Durante los primeros años, las cremaciones eran escasas. “A veces dos, tres al mes… y a veces ni una”, confiesa. Antes de contar con horno propio, los cuerpos fueron trasladados hasta Jilotepec, en el Estado de México, a dos horas de distancia, ida y vuelta, para ser cremados allá.
Todo cambió en 2020. La pandemia no solo llenó los hospitales, también colapsó los servicios funerarios. “La cremación se disparó, aquí y en todo el mundo”, dice. En ese tiempo, llegaron a realizar hasta siete cremaciones en un solo día, con cuerpos en refrigeración en espera de turno. “Fue la fecha en la que más cremaciones hemos tenido”.
A veces, los cuerpos llegaban sellados, sin posibilidad de ser vistos por sus familias. “Nos daban la instrucción de pasarlos directo, sin velorio, tal cual venían del hospital… no sabíamos ni qué traíamos dentro”, explica. El horno se saturó. Tuvieron que apoyarse de nuevo en el crematorio de Jilotepec.
Hoy, la situación se ha estabilizado. El promedio mensual oscila entre 15 y 20 cremaciones, casi igualando a las inhumaciones. Pero el cambio social es claro: “Ya muchas personas preguntan por la cremación, la contemplan, la planean”.
La cultura funeraria también ha tenido que evolucionar. Aunque en Tula existen pocos espacios para depositar urnas, como en la iglesia de San Marcos, la gente comienza a aceptar nuevas formas de despedida. “Antes la iglesia estaba en contra de la cremación. Ahora ya no. Todo depende de la familia”.
Más allá de la aceptación religiosa o cultural, las razones prácticas pesan. “Es más económico, entre comillas. Ya no se gasta en fosa, en excavación… y aquí en Tula no hay un nuevo panteón municipal. Estamos saturados”. Incluso, el mismo equipo del crematorio considera desarrollar un panteón privado cerca del Cereso.
Obtener los permisos para operar el crematorio no fue tarea fácil. “Nos llevó como un año y medio. Nos pidieron estudio de impacto ambiental, protección civil, todo es a nivel estatal”.
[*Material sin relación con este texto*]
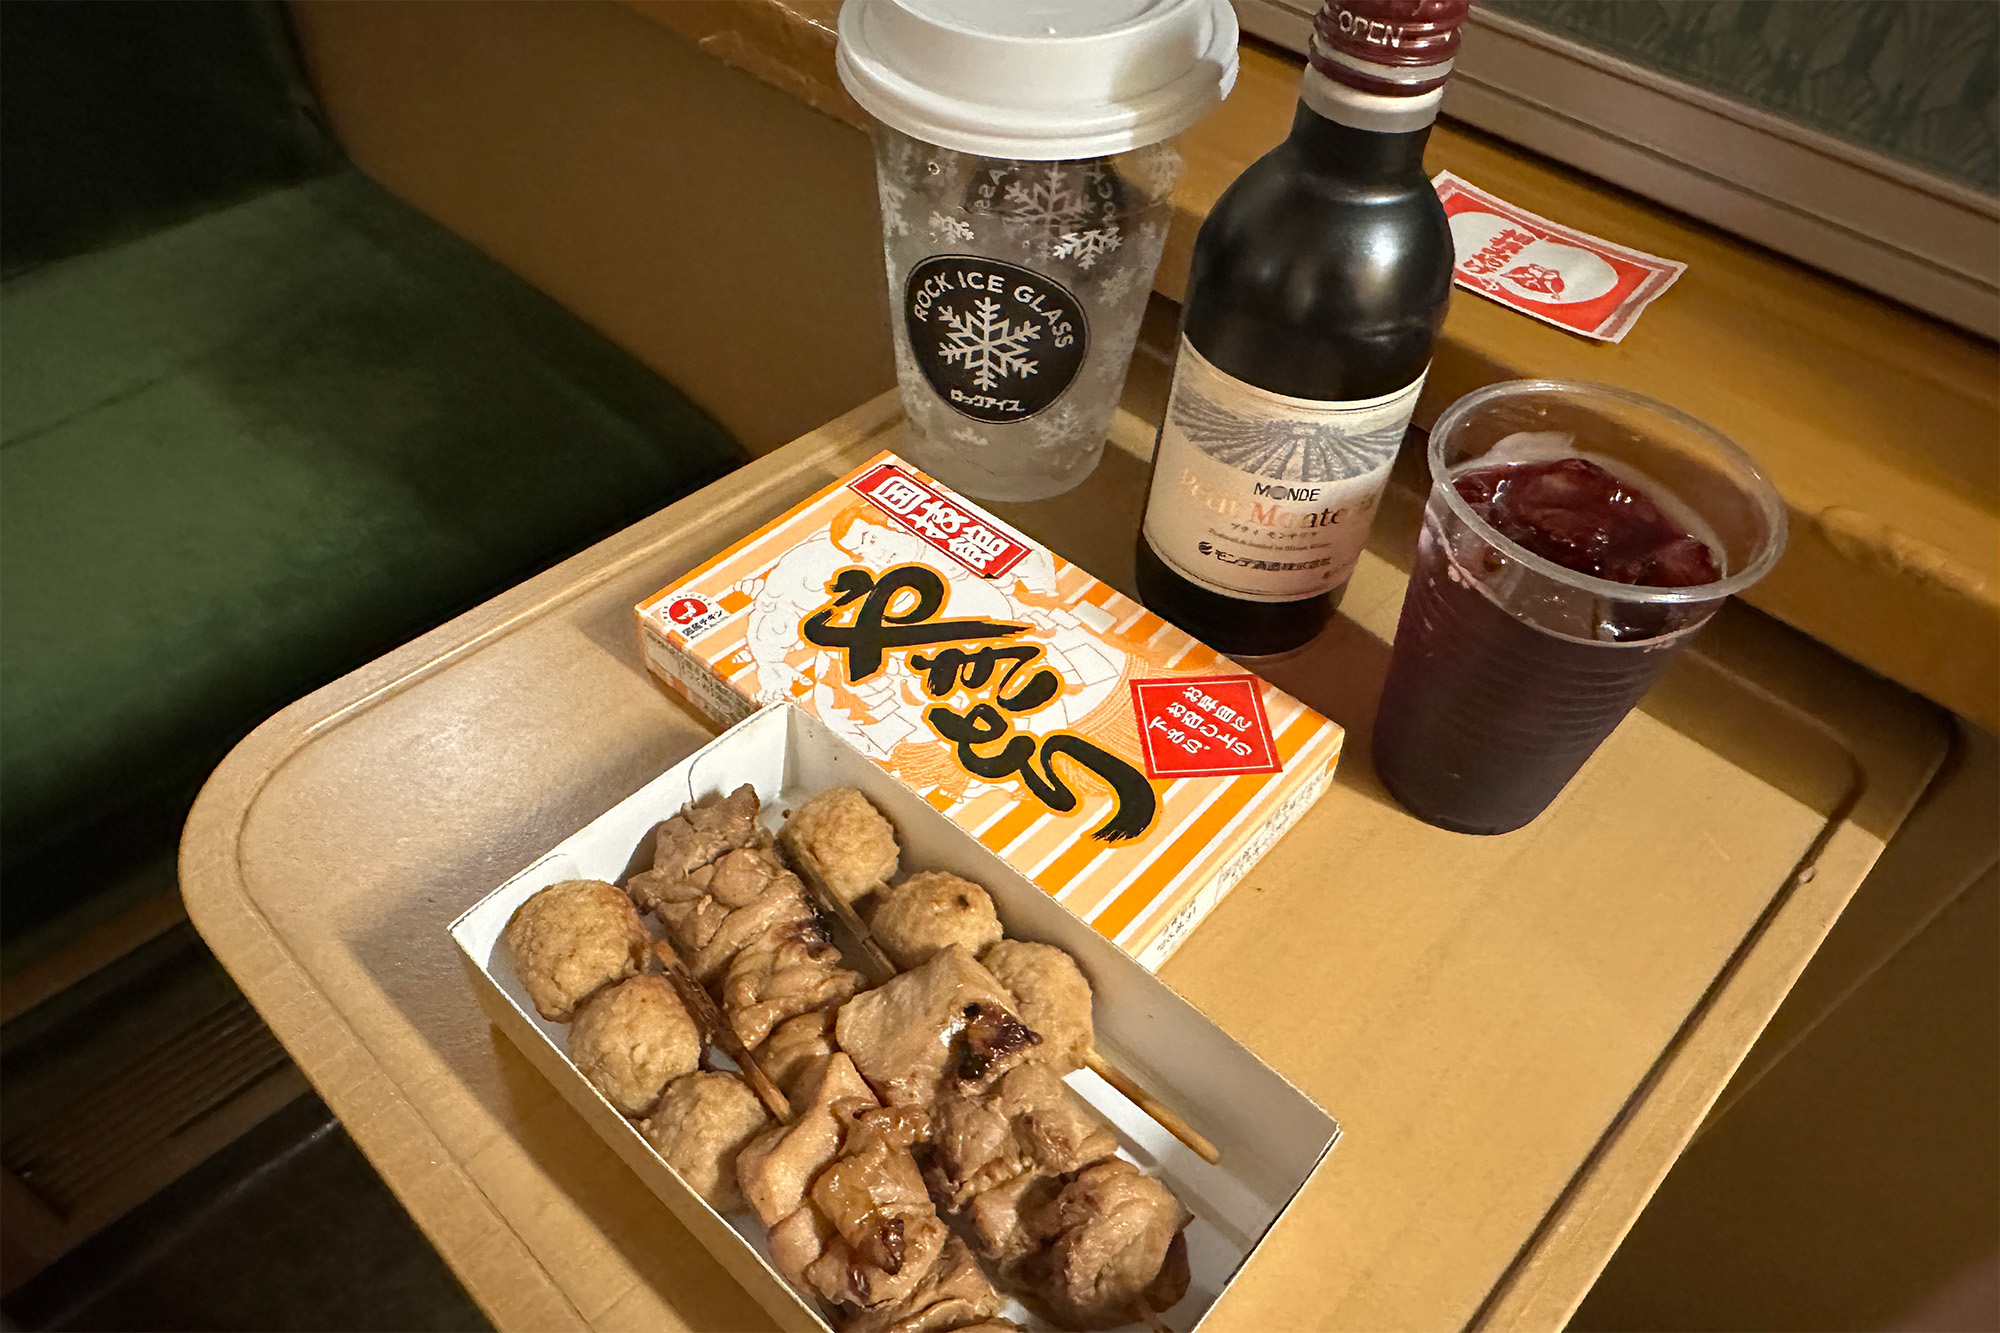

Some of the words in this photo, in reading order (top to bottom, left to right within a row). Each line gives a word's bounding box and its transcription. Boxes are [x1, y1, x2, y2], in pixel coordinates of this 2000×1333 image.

El proceso de la cremación
¿Y cómo es el proceso? “Después de la misa, el cuerpo llega aquí. Se pasa al horno, el cual tarda entre tres y cuatro horas. A veces dos y media si la persona es delgada; hasta seis horas si hay obesidad”. En algunos casos, deben negarse a cremar por cuestiones de tamaño. “Hemos tenido cuerpos de más de 200 kilos. En estos casos se usa el ataúd tambora, de un metro de ancho”.
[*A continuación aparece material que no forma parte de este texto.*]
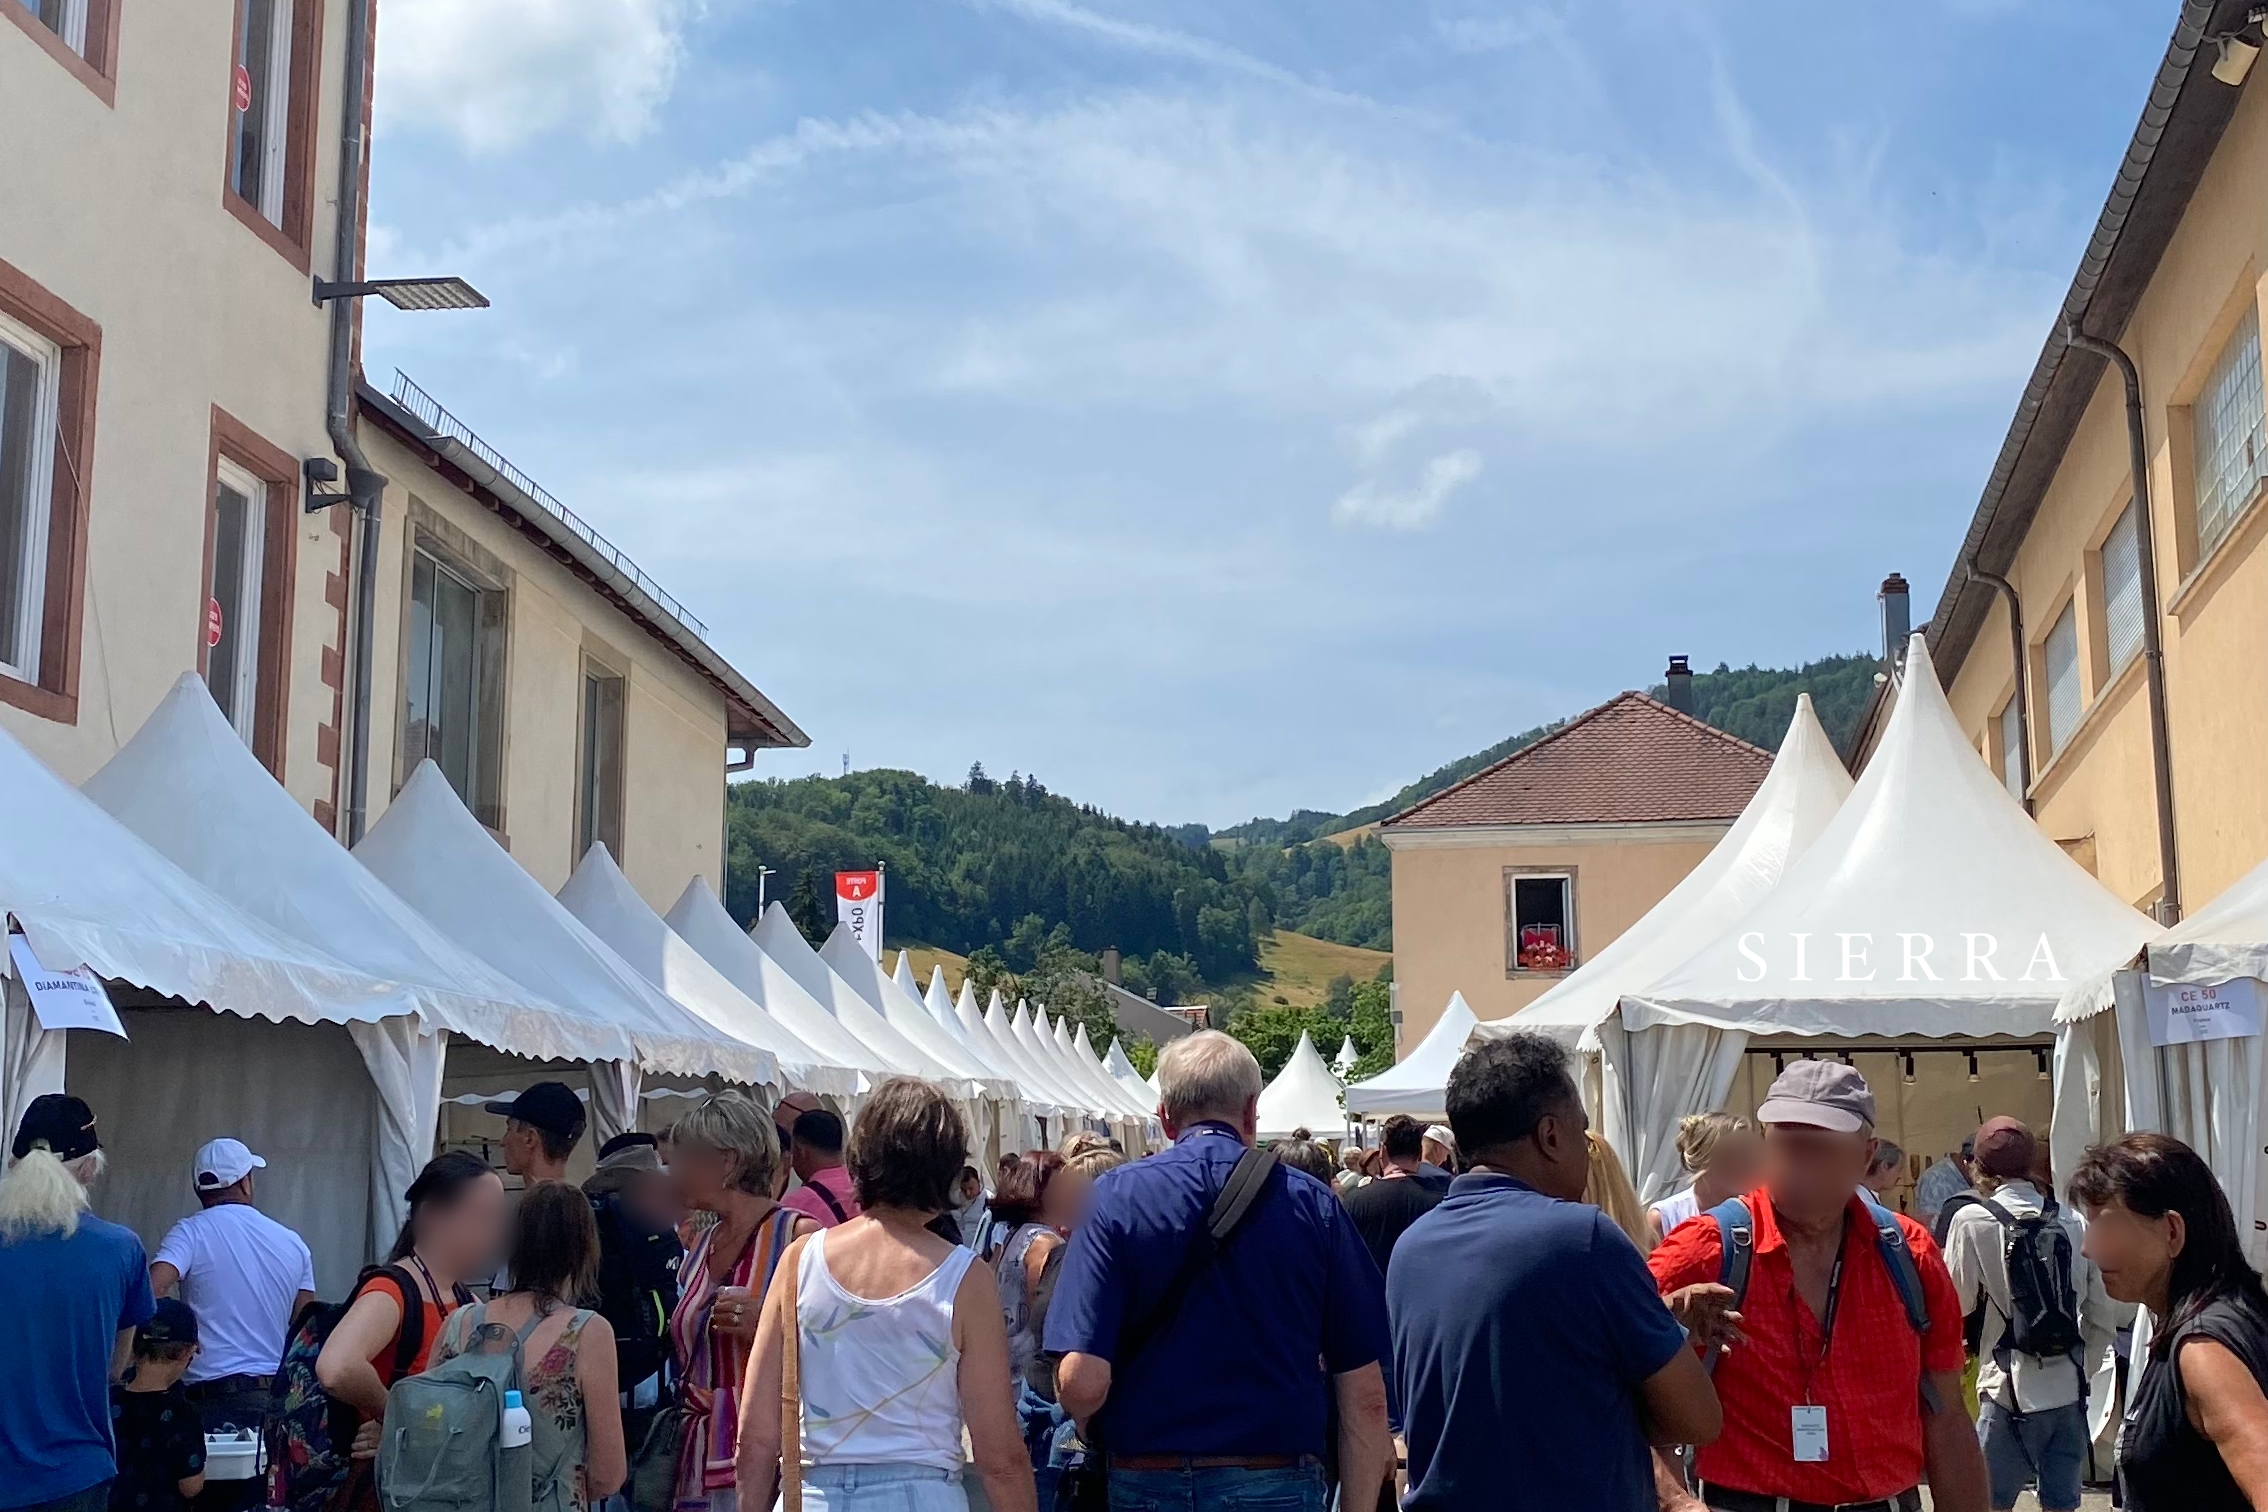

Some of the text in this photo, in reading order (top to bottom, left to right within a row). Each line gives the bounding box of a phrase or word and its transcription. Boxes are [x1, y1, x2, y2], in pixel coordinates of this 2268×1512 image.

Antes de introducir el cuerpo en el horno, lo despojan de ropa y objetos metálicos. “Después quedan pedazos de carbón, no cenizas como muchos creen. Estos se muelen en un cremulador hasta que se vuelven polvo”.
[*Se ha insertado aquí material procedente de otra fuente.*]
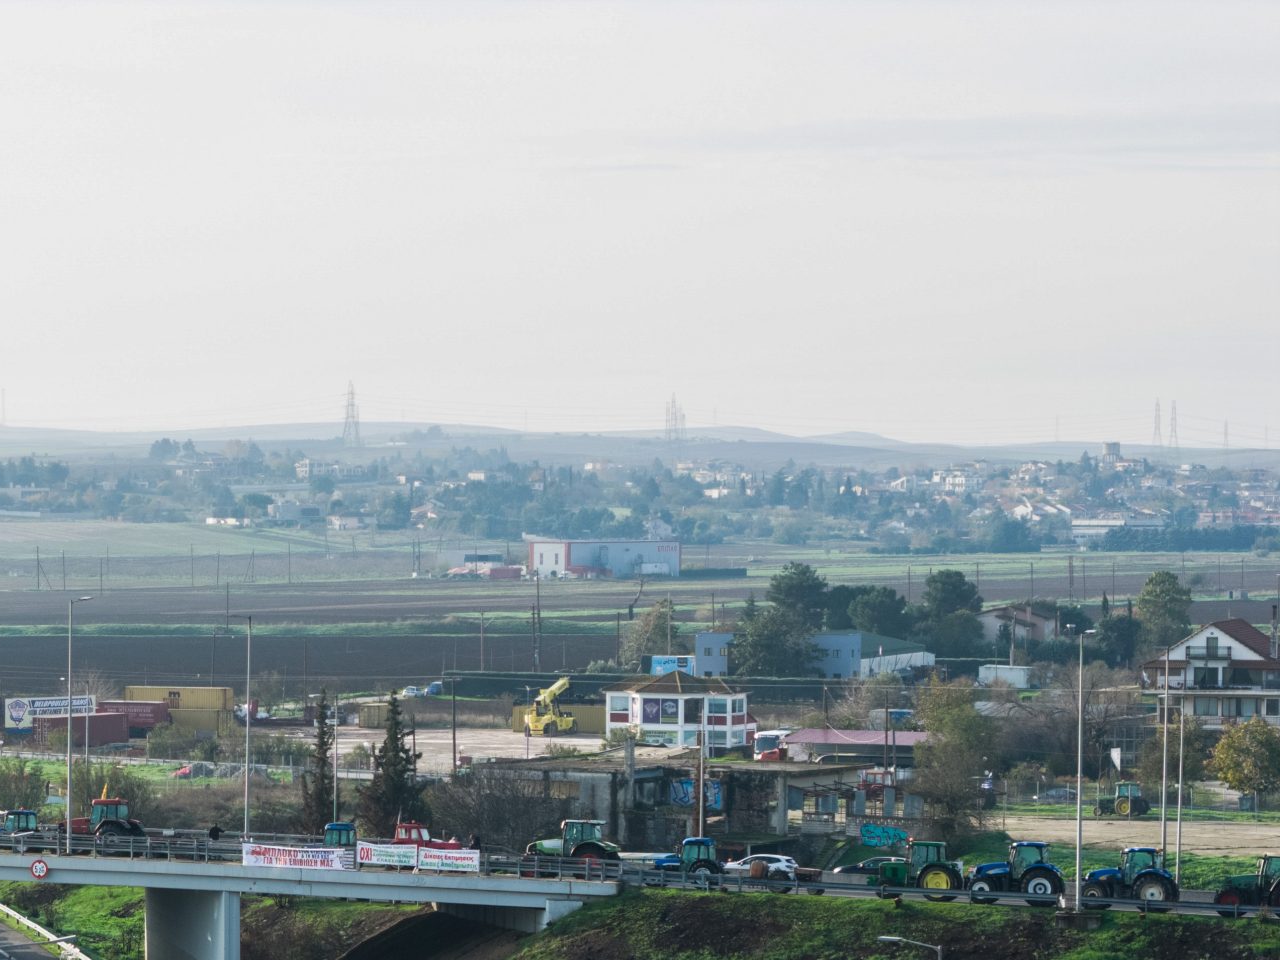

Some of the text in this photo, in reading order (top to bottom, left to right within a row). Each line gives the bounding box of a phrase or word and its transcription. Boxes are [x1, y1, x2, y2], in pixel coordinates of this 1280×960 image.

[265, 848, 298, 858] ΜΠΛΟΚΟ
[360, 847, 373, 861] ΟΧΙ
[275, 857, 287, 865] ΤΗΝ
[289, 858, 318, 867] ΕΠΙΒΙΩΣΗ
[320, 859, 334, 868] ΜΑΣ
La urna que entregan está completamente sellada. “Las cenizas son 100% estériles, no hay problema de llevarlas en coche, en casa, o incluso en avión”. Y sí, a veces los cuerpos se mueven dentro del horno. “Se levantan los pies, los brazos… pero es por el calor, no es nada paranormal”.
Entre hornos, humo y cenizas: lo que no se ve de un crematorio
Además del trabajo emocional que implica dar el último adiós a un ser querido, operar un crematorio implica una ética firme, técnicas especializadas y también una buena dosis de sensibilidad. Aunque el horno del crematorio familiar tiene más de una década funcionando, sus operadores aseguran que jamás han mezclado restos humanos con los de mascotas.
“No se nos hace ético, aunque son animalitos queridos… no podemos cremar al perro en el mismo lugar donde estuvo tu familiar”, dice Hernández Montoya, con tono sereno pero firme. Eso sí, ya tienen planes de abrir un crematorio aparte, exclusivo para mascotas.
Todo el proceso, desde el ingreso del cuerpo hasta la entrega de la urna, se realiza con extremo cuidado. Las cenizas, nos explican, no son exactamente polvo cuando salen del horno. Primero pasan por un molino llamado cremulador , que tritura los restos carbonizados hasta volverlos cenizas. Luego se enfrían, se embolsan —primero en plástico, luego en tela— y finalmente se coloca en la urna.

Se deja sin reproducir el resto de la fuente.